Pfizer and BioNTech said Thursday that they have started testing their COVID-19 vaccine BNT162b2 in children ages 6 months to 11 years old, with initial results expected in the second half of the year. The mRNA-based vaccine is currently authorized for people 16 years and older in multiple markets, including the UK, US and EU, and the companies began testing it in adolescents ages 12 years to 15 years a few months ago.
“Children under the age of 15 account for 26% of the global population,” Pfizer noted, adding “we believe successfully vaccinating children will contribute to protection against COVID-19 if the vaccine proves to be effective in that population.”
Pfizer’s latest paediatric trial is a phase 1/2/3 dose-escalation study that will recruit up to 4,644 healthy children in the US and Europe to evaluate BNT162b2 versus placebo on a two-dose schedule given approximately 21 days apart. Researchers will initially evaluate doses in children ages 5 to 11 years before moving on to children who are 2 to 5 years, and finally to those 6 months to 2 years old. According to Pfizer, vaccine effectiveness will be inferred through “immune-bridging” to the subgroup of people aged 16 to 25 who were in the pivotal phase 3 trial for BNT162b2.
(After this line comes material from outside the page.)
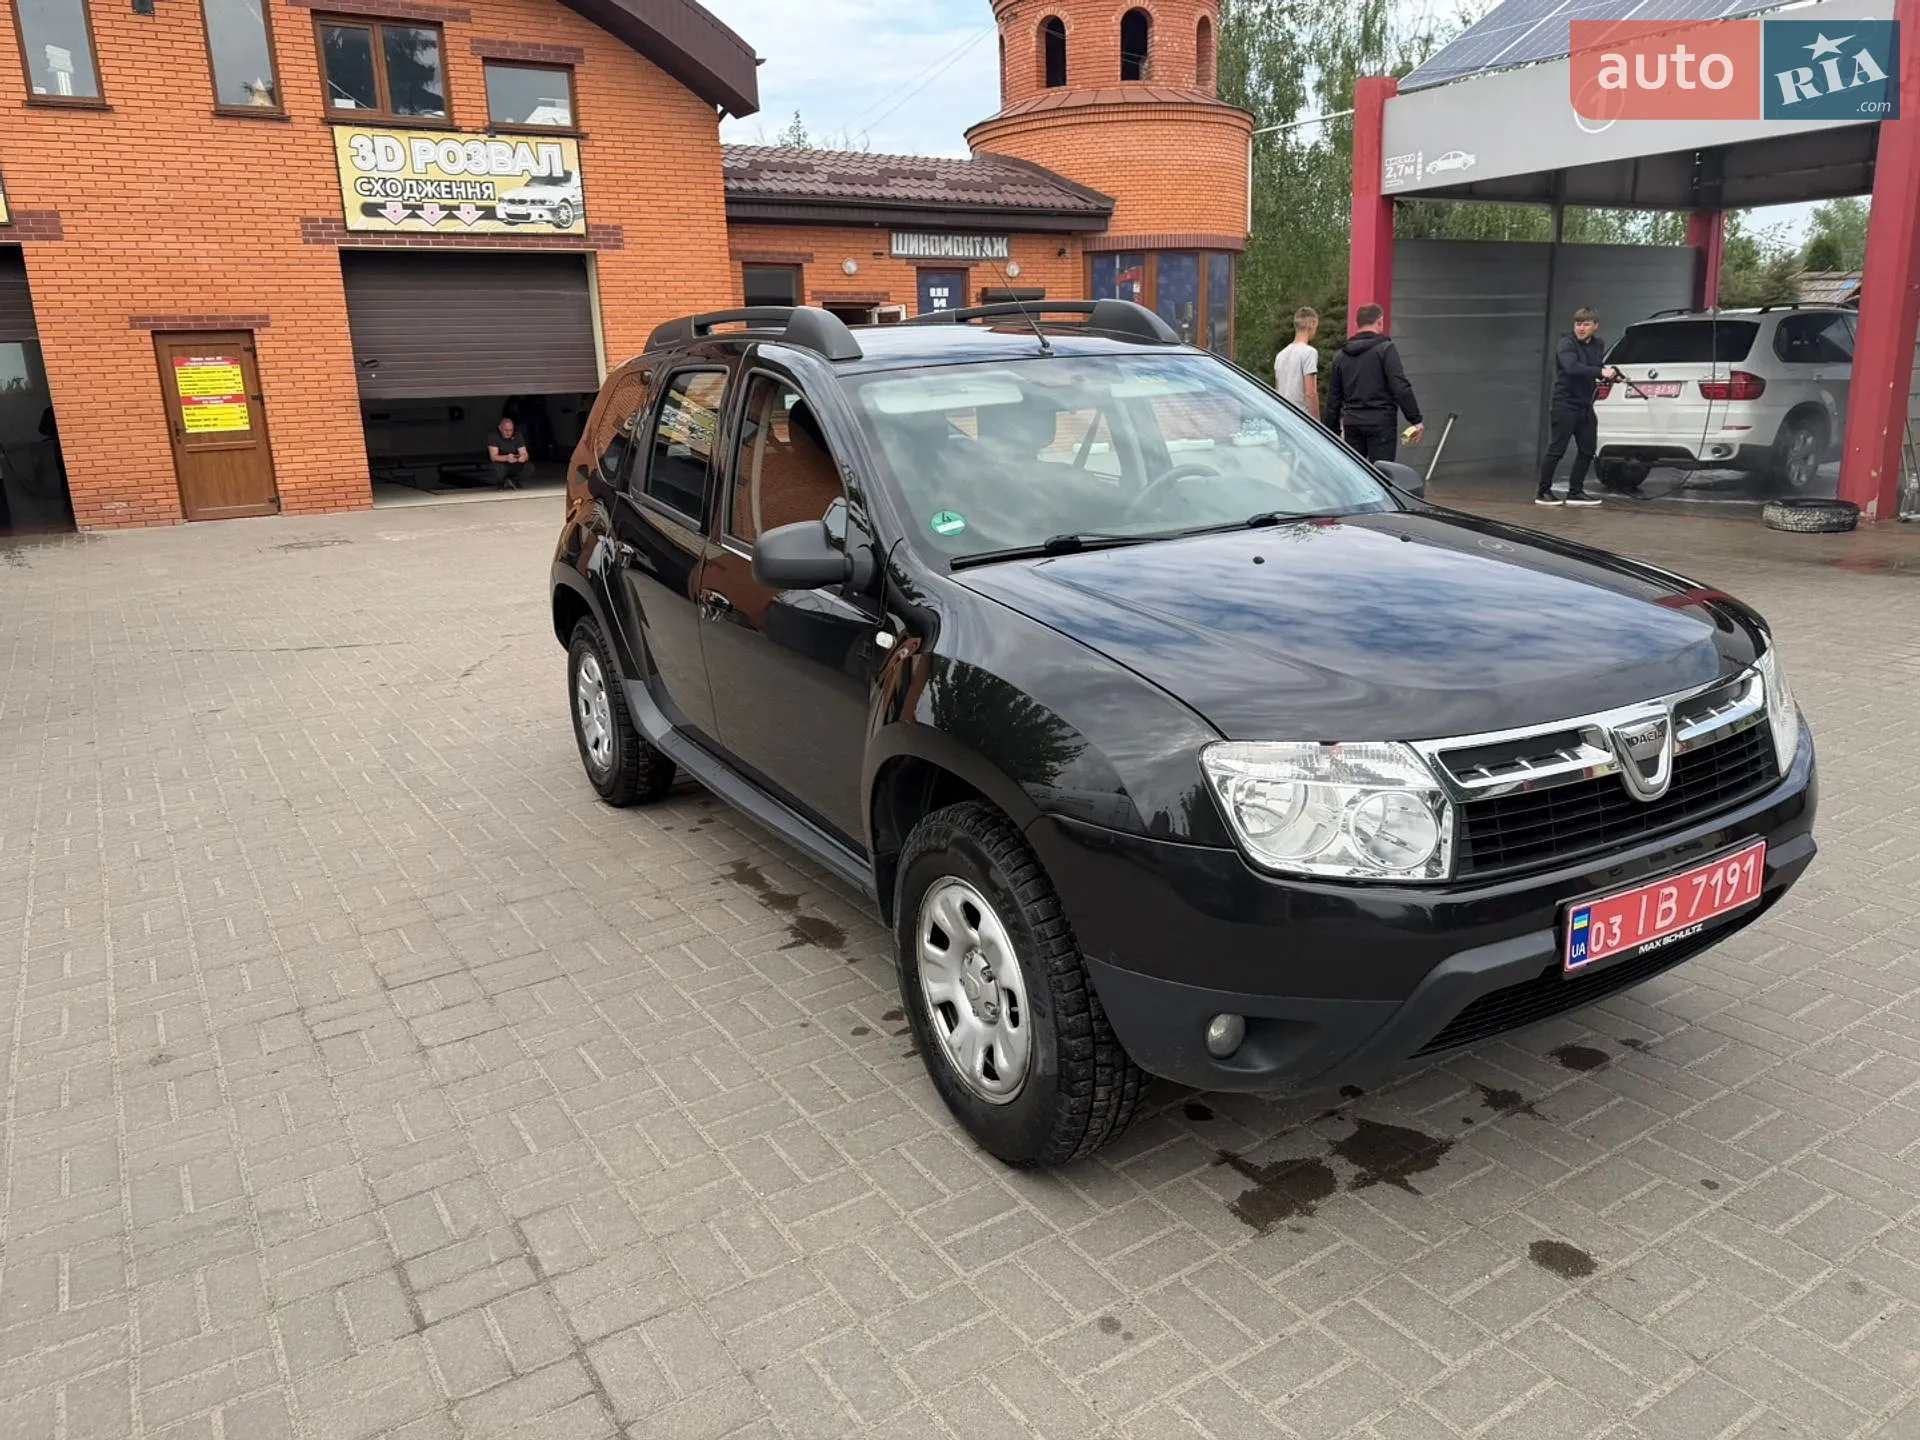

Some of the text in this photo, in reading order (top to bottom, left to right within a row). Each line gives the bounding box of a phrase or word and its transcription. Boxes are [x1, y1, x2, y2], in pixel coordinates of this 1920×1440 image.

Adolescent trial readout due in weeks ahead
“We hope to receive authorization for vaccination of these younger kids by early 2022,” the company said, adding that children younger than 6 months of age may also eventually be evaluated, once an acceptable safety profile has been established. CEO Albert Bourla indicated recently that Pfizer expects to submit data from the trial evaluating BNT162b2 in children 12 to 15 years old to regulatory authorities in the coming weeks.
Moderna last year started testing its COVID-19 vaccine mRNA-1273 in children 12 years and older, and recently also began dosing those aged six months to 12 years in a phase 2/3 trial, while AstraZeneca has been studying its candidate AZD1222 in children ages 6 years to 17 years in the UK since February. For its part, Johnson & Johnson has said it is in discussions with regulators to start paediatric testing of its single-dose vaccine Ad26.COV2.S, though it has not provided a timeline.
Meanwhile, Pfizer and BioNTech also began testing BNT162b2 last month in healthy pregnant women over 18. A small study published Thursday in the American Journal of Obstetrics & Gynecology found that mRNA vaccination against COVID-19 was safe and triggered neutralizing antibodies in pregnant and lactating women, and that immune transfer to newborns occurred via placenta and breastmilk.